Cependant, qu'il s'agisse de la catégorie B.1 ou de la C, ce qui fait trop souvent défaut aujourd'hui chez nous musulmans, c'est l'éthique du désaccord : "adab ul ikhtilâf". C'est arriver à se comporter avec bonne manières et bienséance lorsqu'on exprime son désaccord.

Or, c'est ce que nous enseigne le comportement de nos pieux prédécesseurs.

Ainsi, à propos de la question de savoir si l'état de pureté est annulé par le fait de manger un aliment cuit, et donc s'il faut ensuite renouveler ou pas ses ablutions (wudhû) avant de pouvoir accomplir la prière (salât), les avis étaient partagés entre les Compagnons du Prophète.

Certains, qui disaient que le fait de manger un aliment cuit annulait l'état de pureté, se basaient sur cette parole du Prophète : "Faites le wudhû à cause de ce qu'a touché le feu" (rapporté par Muslim).

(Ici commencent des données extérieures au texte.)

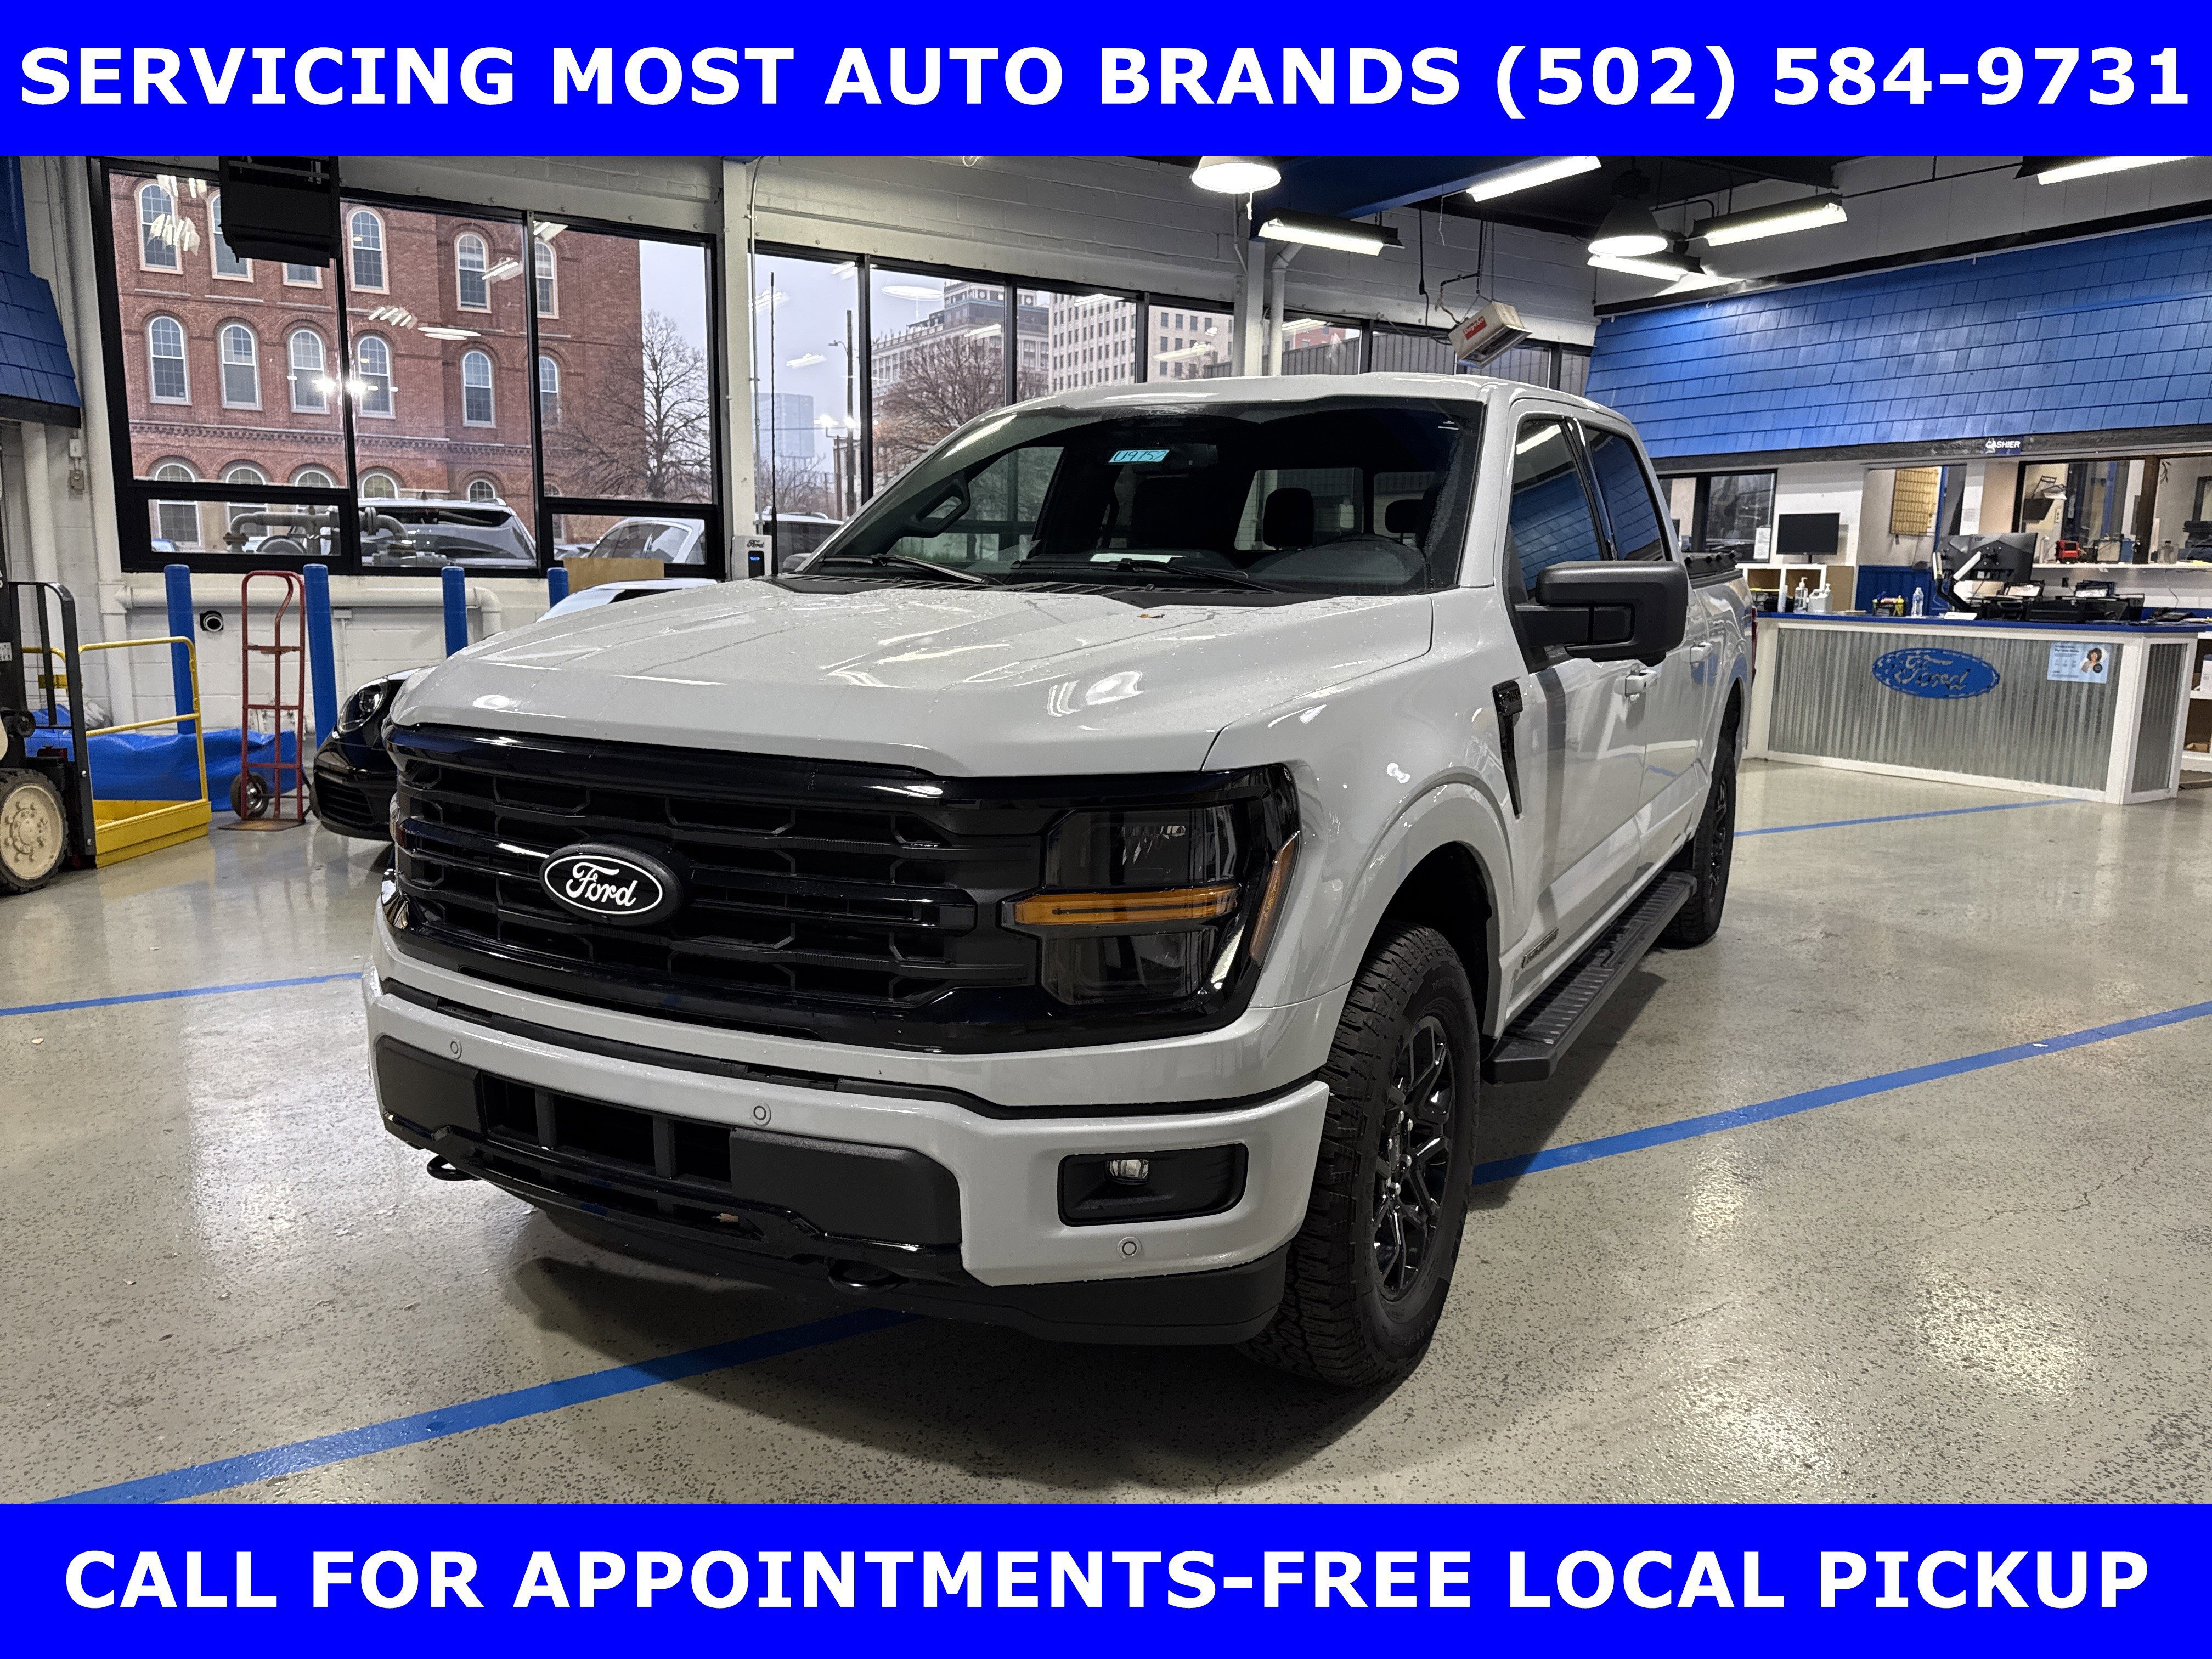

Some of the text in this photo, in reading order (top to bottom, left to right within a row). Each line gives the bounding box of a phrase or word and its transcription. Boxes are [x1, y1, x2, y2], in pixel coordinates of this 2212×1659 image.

D'autres, qui étaient d'avis que l'état de pureté n'était pas annulé par cela, sur le fait que le Prophète lui-même a mangé des aliments cuits et a accompli la prière (salât) sans renouveler ses ablutions (rapporté également par Muslim), ce qui prouve que le premier hadîth soit a été abrogé, soit ne fait que recommander de nouvelles ablutions (sans les rendre obligatoires et donc sans dire que l'absorption de l'aliment cuit les a annulées), soit que le terme "wudhû" qui y a été employé signifie "lavage des mains et de la bouche" et non "ablutions rituelles".

Et, au regard des arguments, c'est la seconde opinion qui paraît pertinente. Malgré tout, les discussions qui avaient lieu à ce sujet entre des Compagnons étaient empreintes de bonnes manières et de savoir-vivre.

Ainsi, une discussion eut lieu entre Abû Hurayra (qui était d’avis que la consommation d’un aliment cuit annule l’état de pureté), et Abdullâh ibn Abbâs (qui pensait que la consommation d’un aliment cuit n’annule pas l’état de pureté) :
"Le wudhû doit être renouvelé à cause de ce qu’a touché le feu, fût-ce des morceaux de aqit [sorte de lait caillé], dit Abû Hourayra.
- Abû Hourayra, lui dit Abdullâh ibn Abbâs, (dis-moi,) renouvelons-nous le wudhû à cause de l’huile (qui a été chauffée) ? Renouvelons-nous le wudhû à cause de l’eau chaude ?
- Mon neveu, déclara Abû Hurayra, lorsque tu entends une parole rapportée du Prophète, ne cite pas d’exemples sur le sujet" (rapporté par at-Tirmidhî).

Cette discussion est très intéressante, puisqu’elle met en évidence le fait que si chacun ne peut qu'être attaché de l'interprétation dont il est convaincu de la pertinence, on peut débattre franchement et en se disant les choses, mais avec bonnes manières. Voici deux Compagnons du Prophète qui ont deux opinions juridiques différentes parce qu’ils ont deux interprétations différentes des hadîths, mais qui tous deux argumentent calmement.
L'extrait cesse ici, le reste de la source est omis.